The summaries are free for public
use. The Chronic Liver Disease
Foundation will continue to add and
archive summaries of articles deemed
relevant to CLDF by the Board of
Trustees and its Advisors.
Abstract Details
Risk stratification for hepatocellular cancer among patients with cirrhosis using a hepatic fat polygenic risk score
PLoS One. 2023 Feb 28;18(2):e0282309. doi: 10.1371/journal.pone.0282309. eCollection 2023.
1Section of Epidemiology and Population Sciences, Department of Medicine, Baylor College of Medicine, Houston, TX, United States of America.
2Dan L Duncan Comprehensive Cancer Center, Baylor College of Medicine, Houston, TX, United States of America.
3Section of Gastroenterology and Hepatology, Department of Medicine, Baylor College of Medicine, Houston, TX, United States of America.
4Center for Innovations in Quality, Effectiveness and Safety (IQuESt), Michael E DeBakey Veterans Affairs Medical Center, Houston, TX, United States of America.

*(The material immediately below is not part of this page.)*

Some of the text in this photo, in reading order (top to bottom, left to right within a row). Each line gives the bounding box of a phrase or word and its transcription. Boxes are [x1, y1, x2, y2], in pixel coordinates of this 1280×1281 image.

5Division of Digestive and Liver Diseases, Department of Medicine, UT Southwestern Medical Center, Dallas, Texas, United States of America.

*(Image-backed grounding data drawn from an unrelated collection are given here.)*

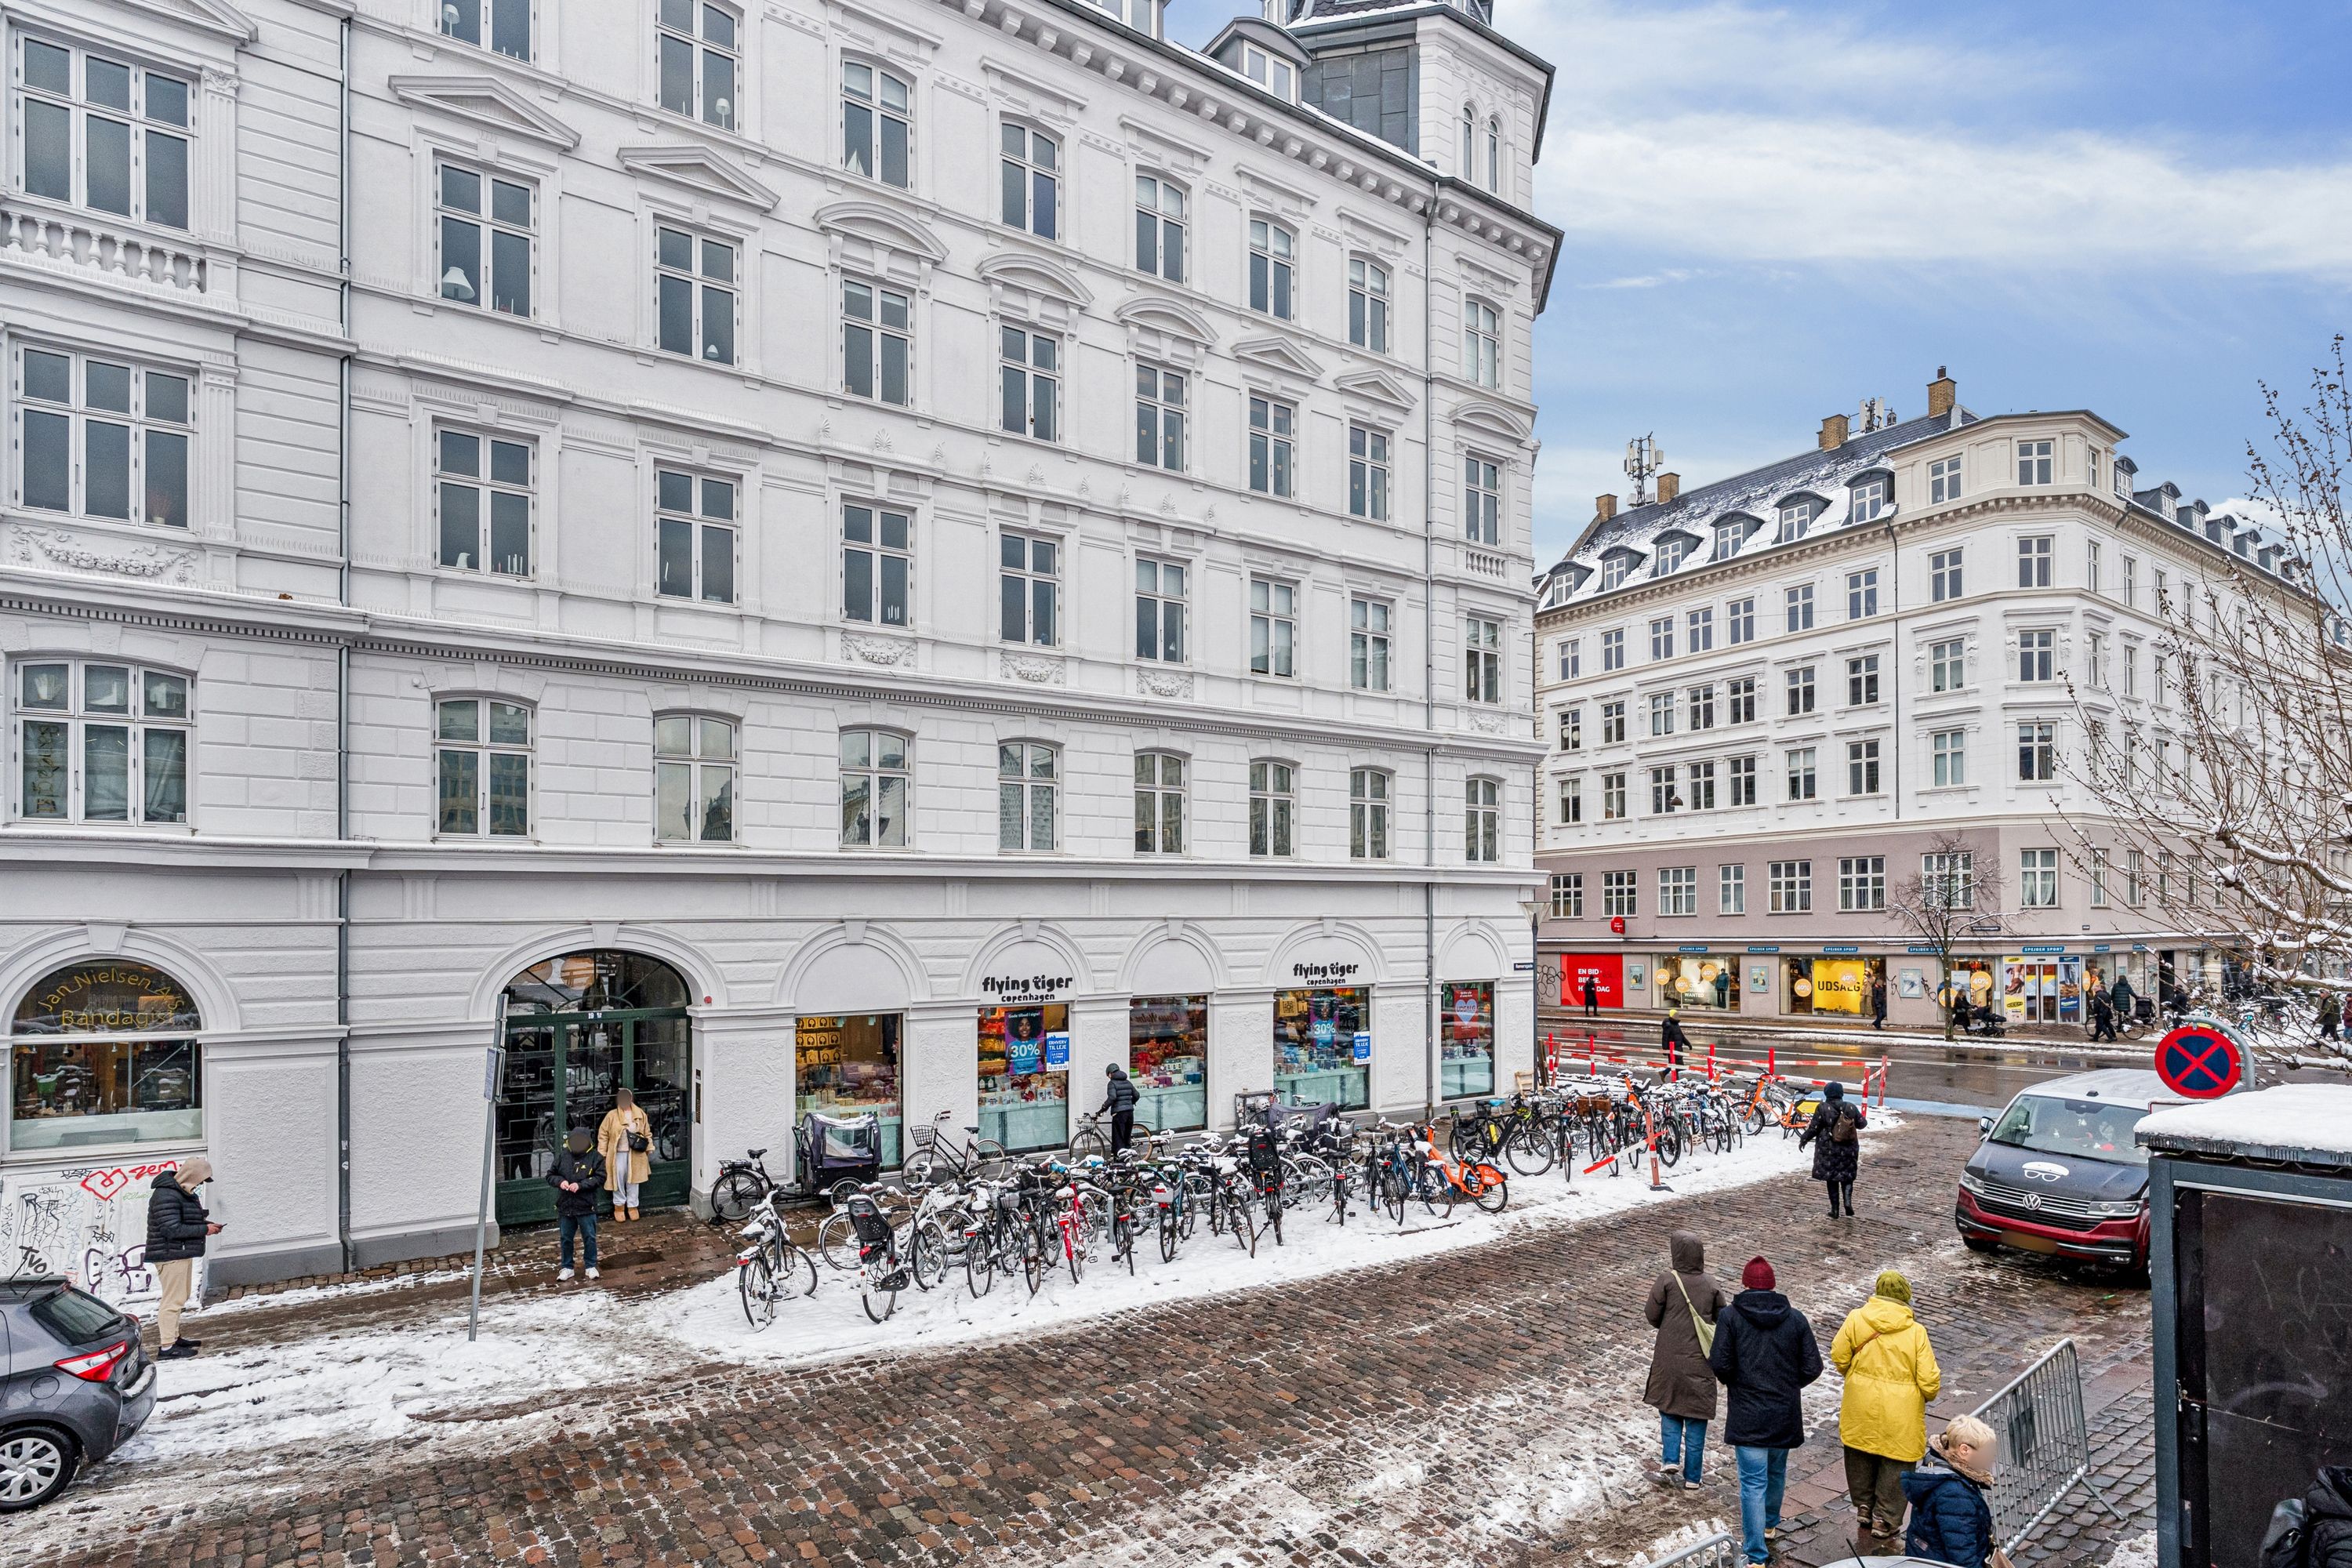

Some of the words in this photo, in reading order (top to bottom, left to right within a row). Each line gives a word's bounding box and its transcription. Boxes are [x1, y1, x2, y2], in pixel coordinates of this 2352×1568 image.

[1293, 963, 1327, 978] flying
[1330, 962, 1359, 977] tiger
[38, 985, 71, 1012] Jan
[74, 967, 151, 990] Nielsen
[982, 975, 1030, 995] flying
[1033, 975, 1073, 993] tiger
[1001, 993, 1055, 1003] copenhagen
[62, 1008, 176, 1029] Bandagist
[1315, 1022, 1336, 1034] 30%
[1011, 1044, 1040, 1058] 30%

6Texas Liver Institute, San Antonio, Texas, United States of America.
7Baylor University Medical Center, Dallas, Texas, United States of America.
8Department of Biostatistics, UT MD Anderson Cancer Center, Houston, Texas, United States of America.
Abstract
Background: Polygenic risk scores (PRS) hold the promise to refine prognostication in hepatocellular cancer (HCC). The few available HCC PRS include germline risk variants identified among individuals of mostly European ancestry, but data are lacking on the transportability of these PRS in multiethnic U.S patients with cirrhosis from multiple etiologies.
Methods: We used data from 1644 patients with cirrhosis enrolled in two prospective cohort studies in the U.S. Patients were followed until HCC diagnosis, death, liver transplantation, or last study visit through June 30, 2021. The high-risk variants in PNPLA3-MBOAT7-TM6SF2-GCKR were combined in a PRS and we evaluated its association with HCC. Discriminatory accuracy was assessed using the C-statistic.
Results: During 4,759 person-years of follow-up, 93 patients developed HCC. Mean age was 59.8 years, 68.6% were male, 27.2% Hispanic, 25.1% non-Hispanic Black, 25.7% had NAFLD, 42.1% had heavy alcohol use, and 19.5% had active HCV. HCC risk increased by 134% per unit increase in PRS (HR = 2.30; 95% CI, 1.35-3.92). Compared to cirrhosis patients in the lowest tertile of the PRS, those in the highest tertile had 2-fold higher risk of HCC (HR = 2.05; 95% CI, 1.22-3.44). The PRS alone had modest discriminatory ability (C-statistic = 0.58; 95% CI, 0.52-0.63); however, adding PRS to a predictive model with traditional HCC risk factors had a C-statistic of 0.70 (95% CI, 0.64-0.76), increasing from 0.68 without the PRS (p = 0.0012).
Conclusions: Our findings suggest that PRS may enhance risk prediction for HCC in contemporary U.S. cirrhosis patients.